- **Data provided**:
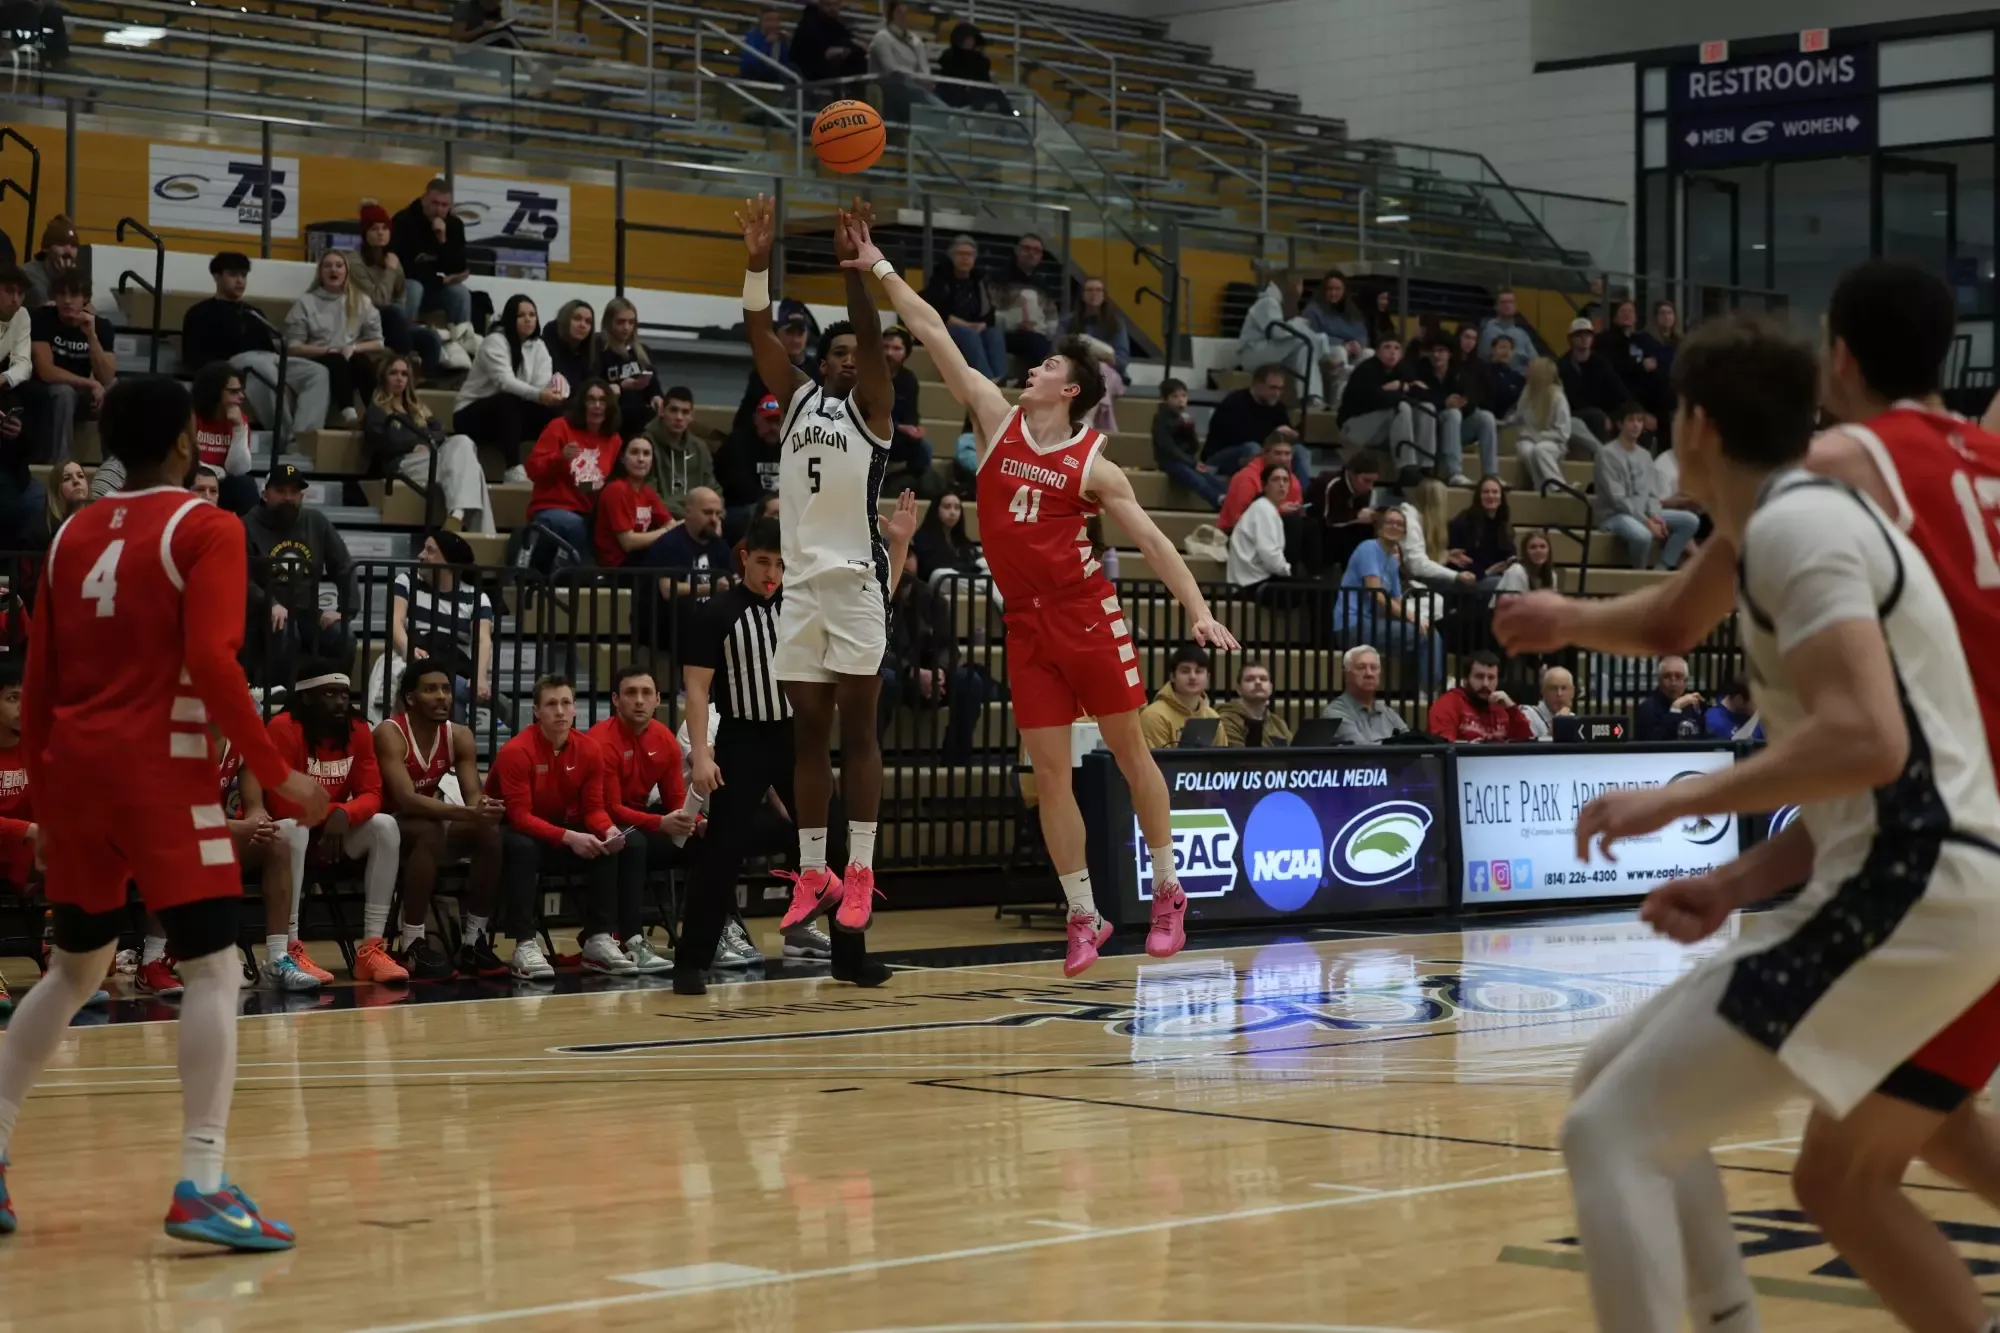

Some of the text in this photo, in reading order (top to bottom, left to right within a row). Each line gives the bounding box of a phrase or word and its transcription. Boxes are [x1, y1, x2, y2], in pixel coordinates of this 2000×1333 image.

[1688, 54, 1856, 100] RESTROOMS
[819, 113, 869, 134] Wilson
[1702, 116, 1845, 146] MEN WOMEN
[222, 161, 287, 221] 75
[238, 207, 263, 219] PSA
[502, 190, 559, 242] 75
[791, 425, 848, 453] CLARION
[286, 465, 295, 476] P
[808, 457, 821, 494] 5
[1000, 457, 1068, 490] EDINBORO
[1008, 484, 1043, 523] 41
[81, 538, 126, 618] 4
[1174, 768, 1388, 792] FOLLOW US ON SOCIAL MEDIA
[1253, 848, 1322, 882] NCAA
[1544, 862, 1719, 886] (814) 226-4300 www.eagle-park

- **What you are asked to do**:
Send back the data above word for word, with the pictures left out.

- **Your response**:
Some of the text in this photo, in reading order (top to bottom, left to right within a row). Each line gives the bounding box of a phrase or word and its transcription. Boxes are [x1, y1, x2, y2], in pixel coordinates of this 2000×1333 image.

[1688, 54, 1856, 100] RESTROOMS
[819, 113, 869, 134] Wilson
[1702, 116, 1845, 146] MEN WOMEN
[222, 161, 287, 221] 75
[238, 207, 263, 219] PSA
[502, 190, 559, 242] 75
[791, 425, 848, 453] CLARION
[286, 465, 295, 476] P
[808, 457, 821, 494] 5
[1000, 457, 1068, 490] EDINBORO
[1008, 484, 1043, 523] 41
[81, 538, 126, 618] 4
[1174, 768, 1388, 792] FOLLOW US ON SOCIAL MEDIA
[1253, 848, 1322, 882] NCAA
[1544, 862, 1719, 886] (814) 226-4300 www.eagle-park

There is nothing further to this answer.